Блай ступает на развалины призрака – корабля, скулы которого состоят из одних ракушек и водорослей, а в трюме в стоялой воде живут ядовитые рыбы с моллюсками.

Однако еще держатся, хотя и шатко, полуют и капитанская каюта, и там, рассыпающиеся в пыль от малейшего касания… нет, склизкие и водопрелые, дожидаются Блая листы, исписанные Робертом.

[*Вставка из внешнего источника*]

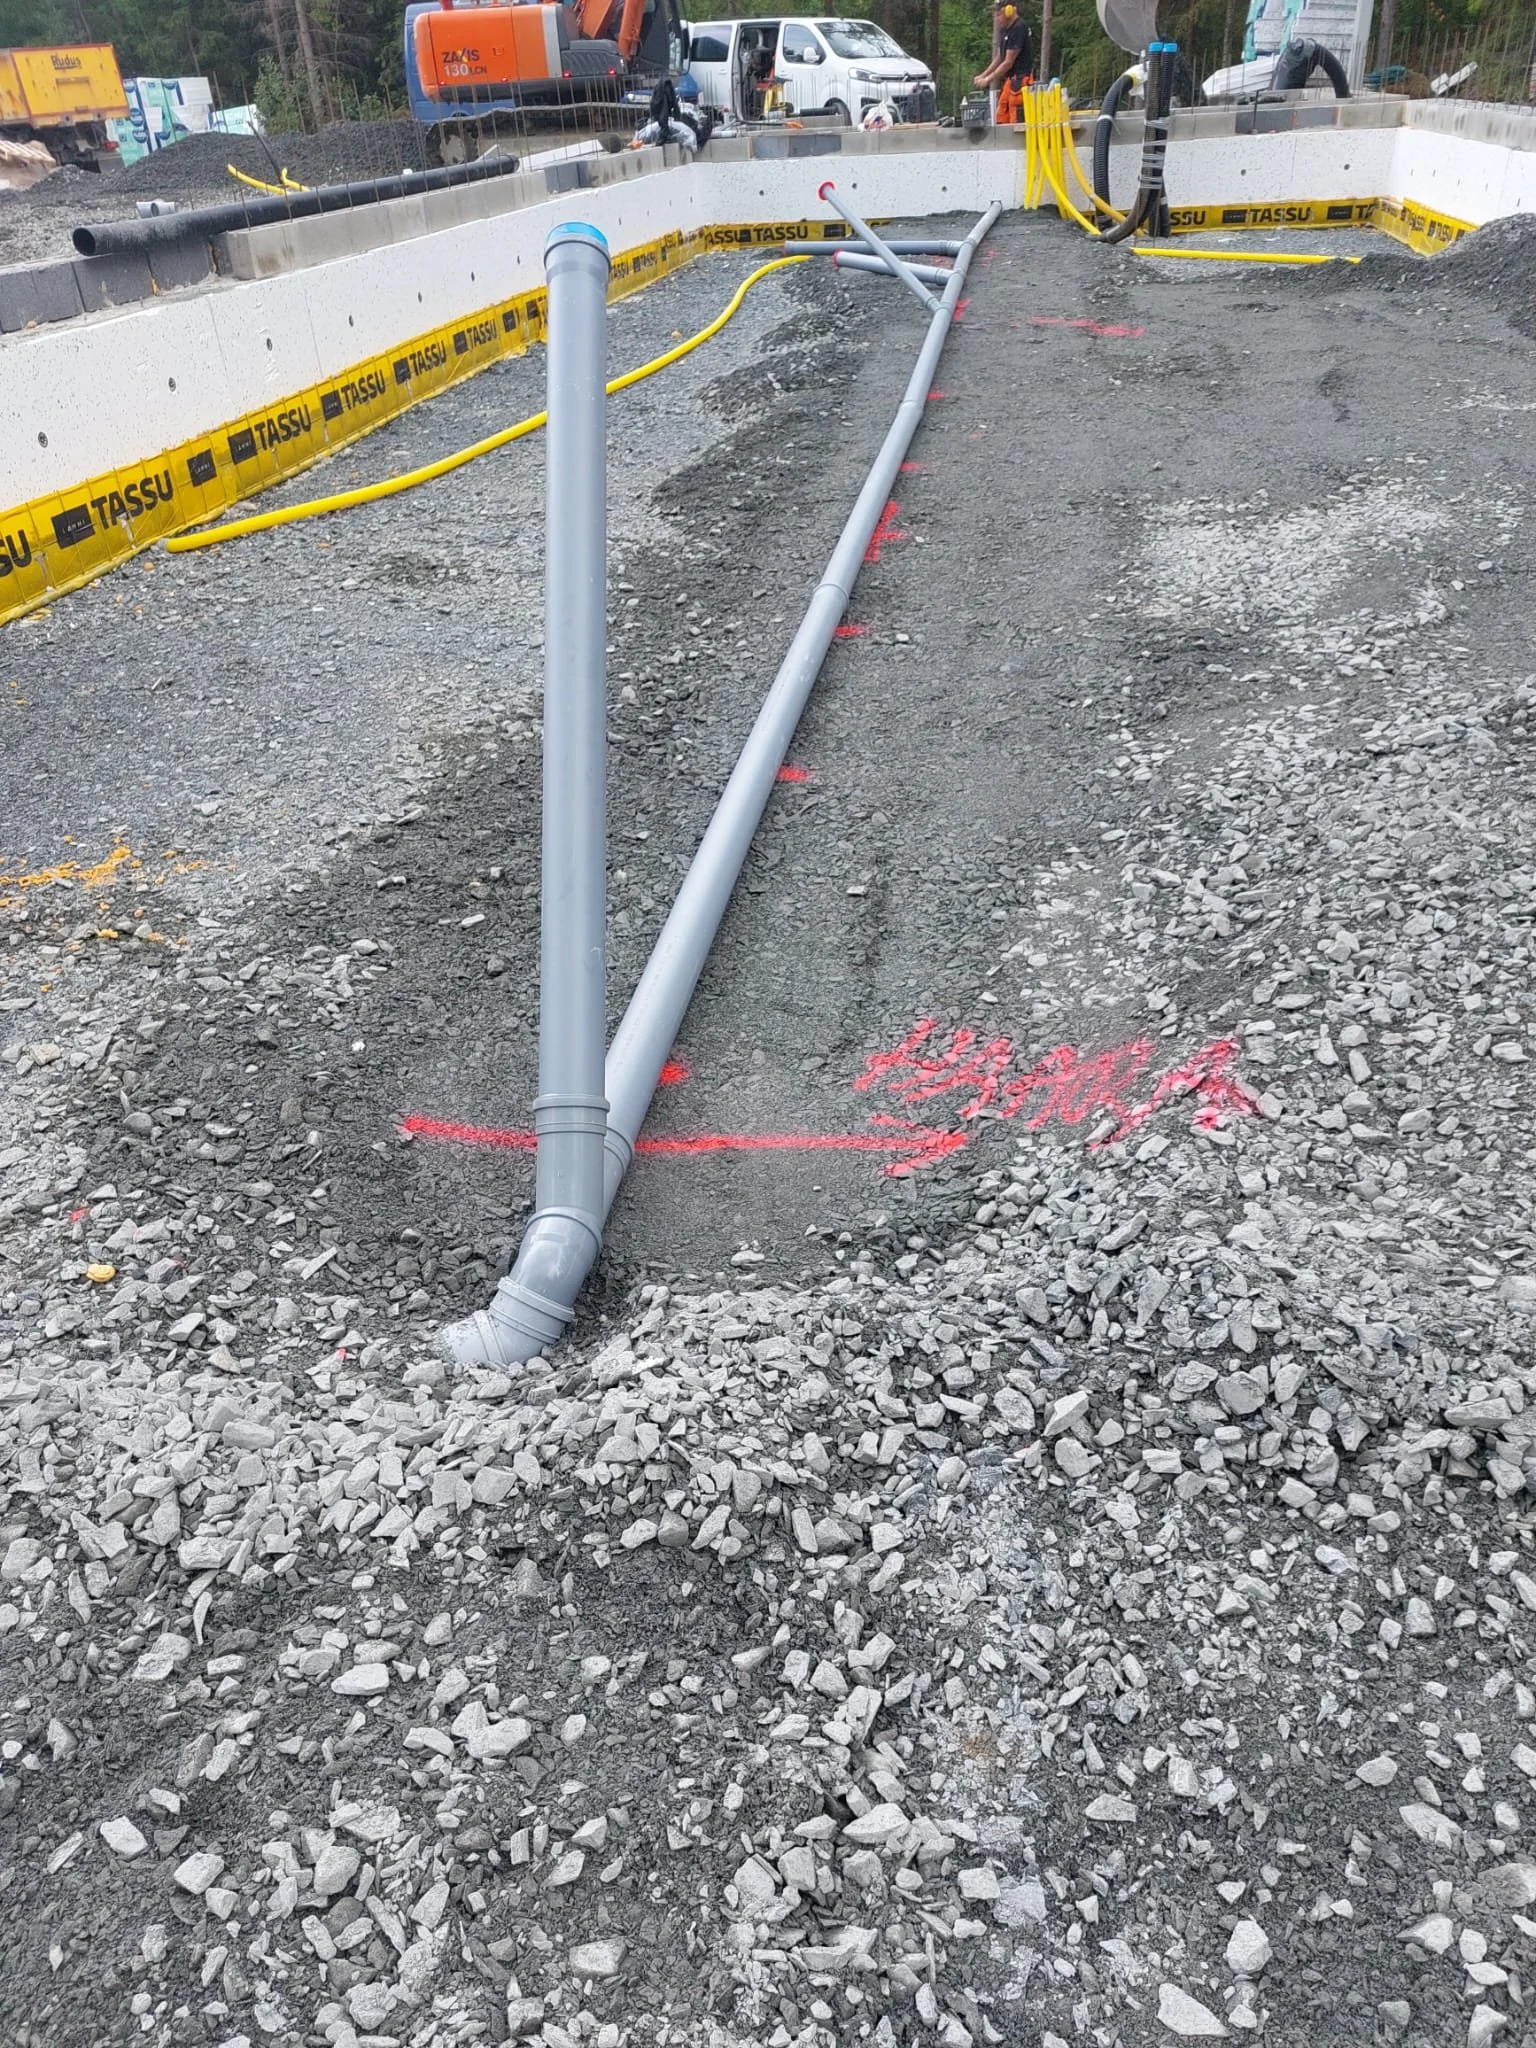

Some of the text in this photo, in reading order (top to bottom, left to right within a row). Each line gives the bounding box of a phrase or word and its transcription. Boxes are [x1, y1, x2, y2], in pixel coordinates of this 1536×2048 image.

[442, 48, 480, 63] ZAXIS
[1248, 206, 1312, 224] TASSU
[754, 225, 808, 242] TASSU
[466, 318, 498, 351] TASSU
[409, 339, 447, 377] TASSU
[341, 368, 387, 411] TASSU
[254, 403, 312, 451] TASSU
[91, 469, 174, 531] TASSU
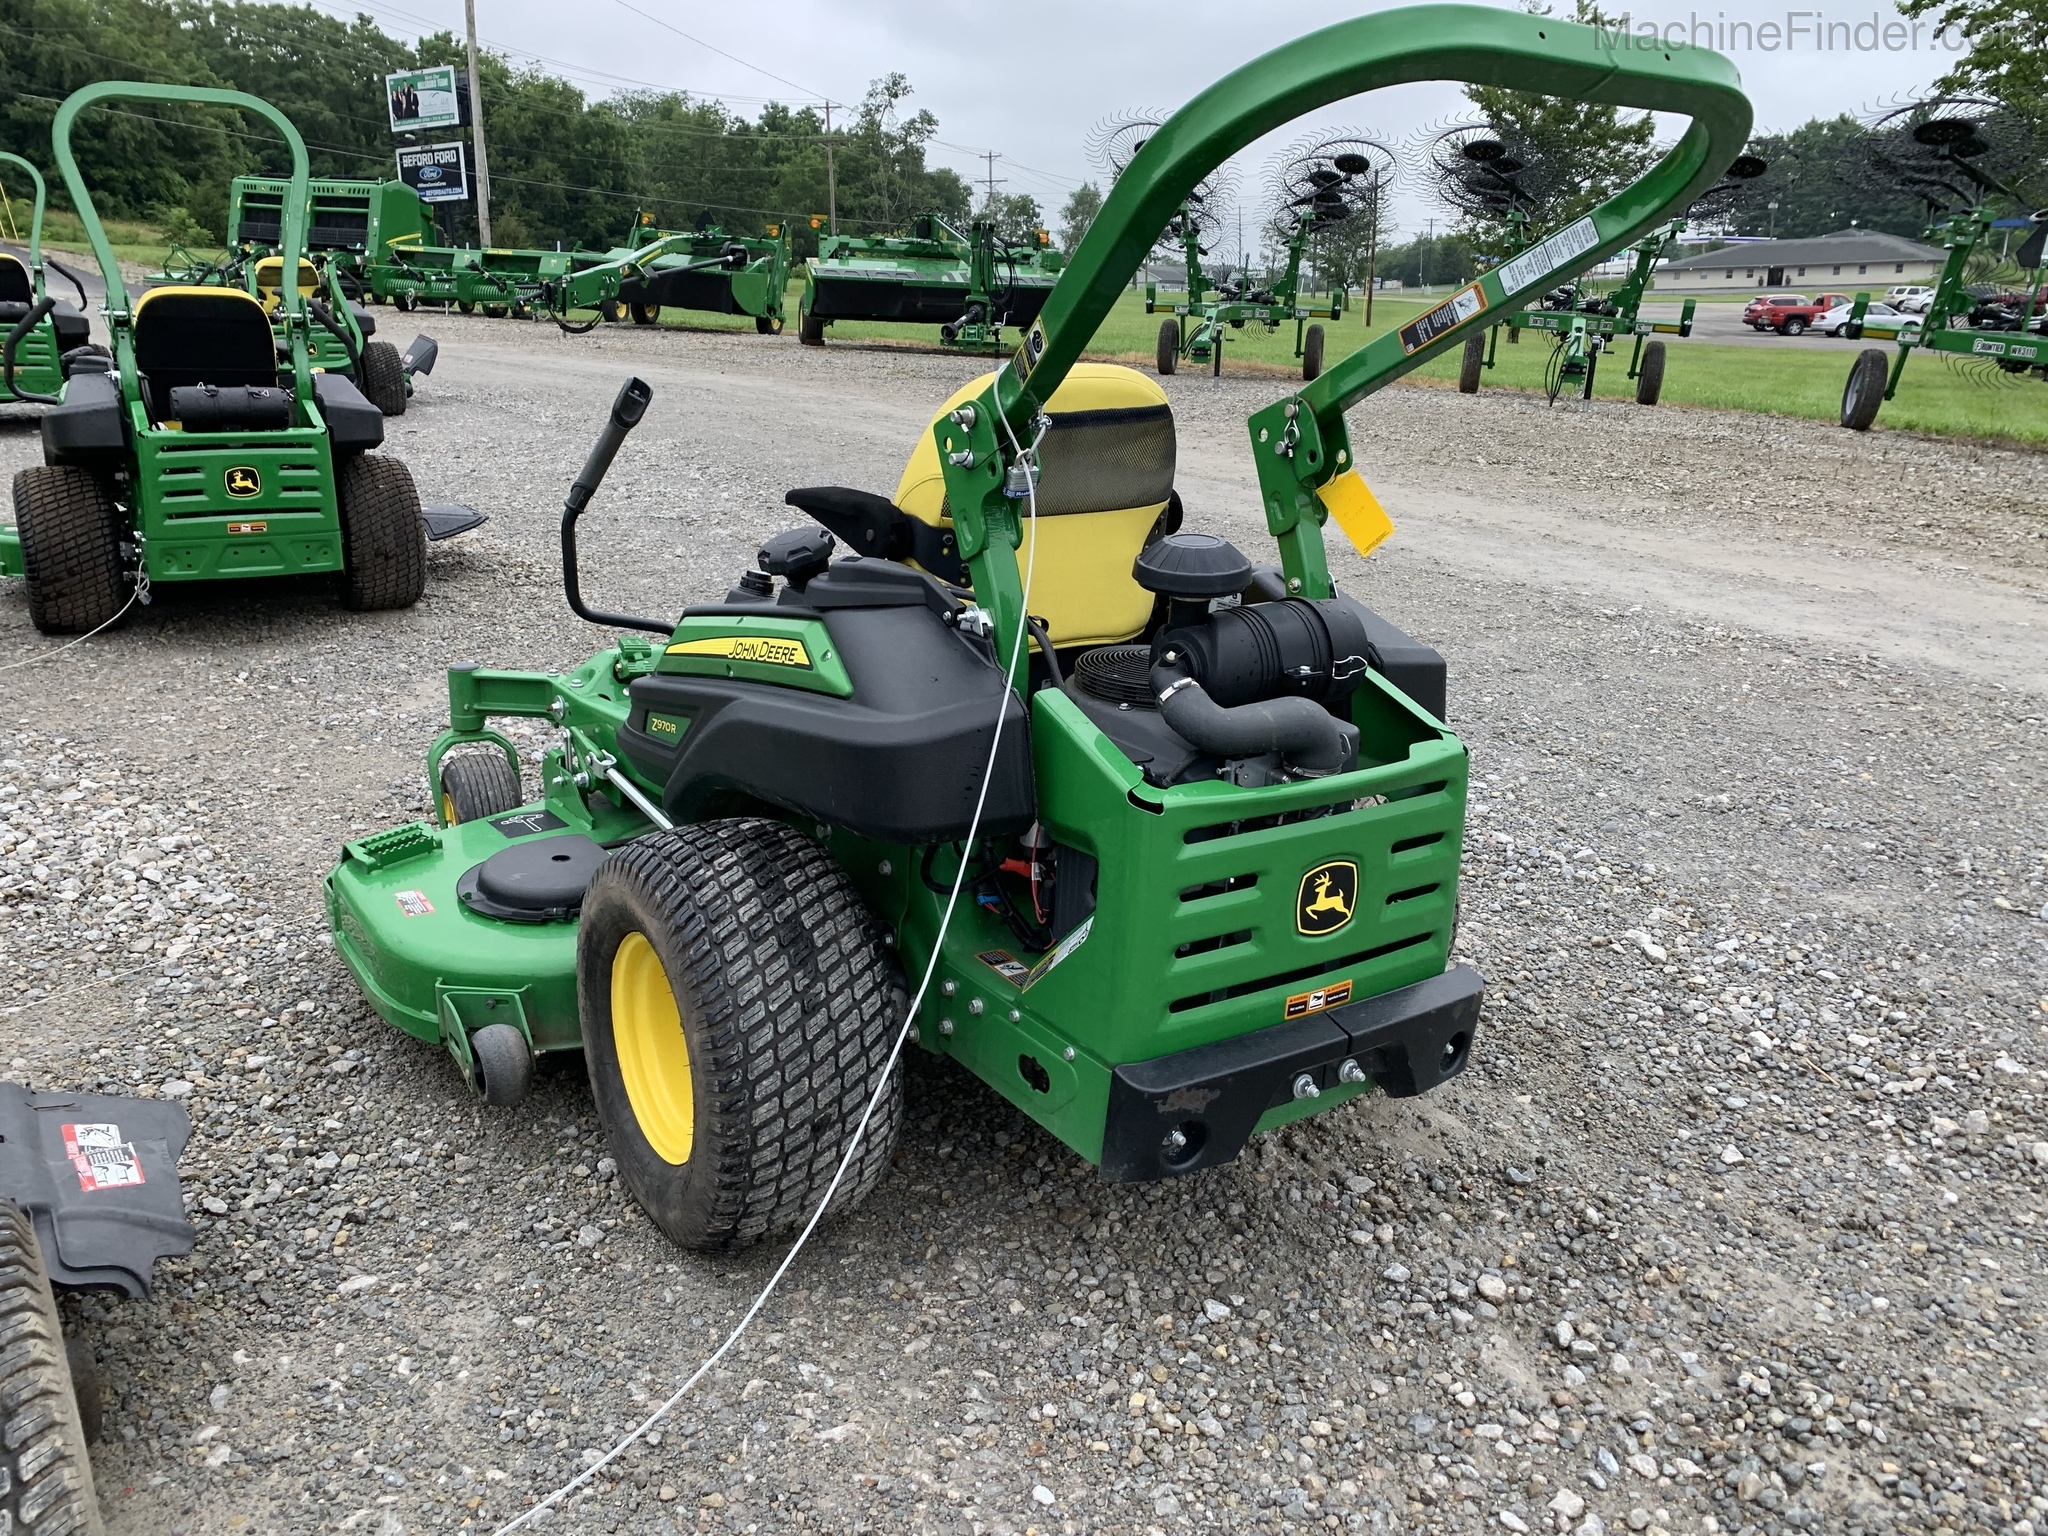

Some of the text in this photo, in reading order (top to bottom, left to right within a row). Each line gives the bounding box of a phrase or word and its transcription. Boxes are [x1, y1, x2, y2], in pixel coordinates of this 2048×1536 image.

[403, 150, 456, 167] BEFORD FORD
[424, 168, 437, 178] Ford
[426, 188, 462, 196] BEFORDAUTO.COM
[1974, 339, 2004, 353] FRONTIER
[728, 639, 798, 662] JOHN DEERE
[651, 718, 677, 734] Z970R

В мире тогда уже вышло из моды искание долгот, но может быть, Блая заинтриговало упоминание на неизвестном ему языке Соломоновых Островов. Примерно за десять лет до того некий мсье Бюаш, Королевский и Флотский Географ Франции, представил в Академию Наук «Мемориал о Существовании и Местонахождении Островов Соломона», в котором утверждалось, что Соломоновы Острова являются в точности заливом Шуазель, где Бугенвиль побывал в 1768 году (и составленное им описание почти повторяло исходное описание Менданьи) купно с Арзасидскими землями, пройденными в 1769 году Сюрвилем. Не случайно в те годы, когда Блай плавал, какой – то аноним (вероятно, господин де Флерио) возвещал о скором опубликовании труда «Территории, открытые французами в 1768 – 69 годах к юго – востоку от Новой Гвинеи».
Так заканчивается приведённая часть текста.